» **Your task**
Please retype each record exactly as it stands below.

» **Extracted data entries**

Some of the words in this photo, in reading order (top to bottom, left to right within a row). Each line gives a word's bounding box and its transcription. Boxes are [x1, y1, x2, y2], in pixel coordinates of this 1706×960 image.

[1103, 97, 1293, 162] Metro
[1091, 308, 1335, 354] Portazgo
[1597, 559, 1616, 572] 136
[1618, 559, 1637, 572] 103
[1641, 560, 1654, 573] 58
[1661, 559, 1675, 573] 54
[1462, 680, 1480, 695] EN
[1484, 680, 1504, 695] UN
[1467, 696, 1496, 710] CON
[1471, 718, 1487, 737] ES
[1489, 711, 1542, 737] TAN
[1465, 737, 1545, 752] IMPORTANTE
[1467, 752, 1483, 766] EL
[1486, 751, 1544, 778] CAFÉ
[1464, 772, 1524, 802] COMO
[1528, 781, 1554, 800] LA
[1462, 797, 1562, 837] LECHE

» **Written response**
Some of the words in this photo, in reading order (top to bottom, left to right within a row). Each line gives a word's bounding box and its transcription. Boxes are [x1, y1, x2, y2], in pixel coordinates of this 1706×960 image.

[1103, 97, 1293, 162] Metro
[1091, 308, 1335, 354] Portazgo
[1597, 559, 1616, 572] 136
[1618, 559, 1637, 572] 103
[1641, 560, 1654, 573] 58
[1661, 559, 1675, 573] 54
[1462, 680, 1480, 695] EN
[1484, 680, 1504, 695] UN
[1467, 696, 1496, 710] CON
[1471, 718, 1487, 737] ES
[1489, 711, 1542, 737] TAN
[1465, 737, 1545, 752] IMPORTANTE
[1467, 752, 1483, 766] EL
[1486, 751, 1544, 778] CAFÉ
[1464, 772, 1524, 802] COMO
[1528, 781, 1554, 800] LA
[1462, 797, 1562, 837] LECHE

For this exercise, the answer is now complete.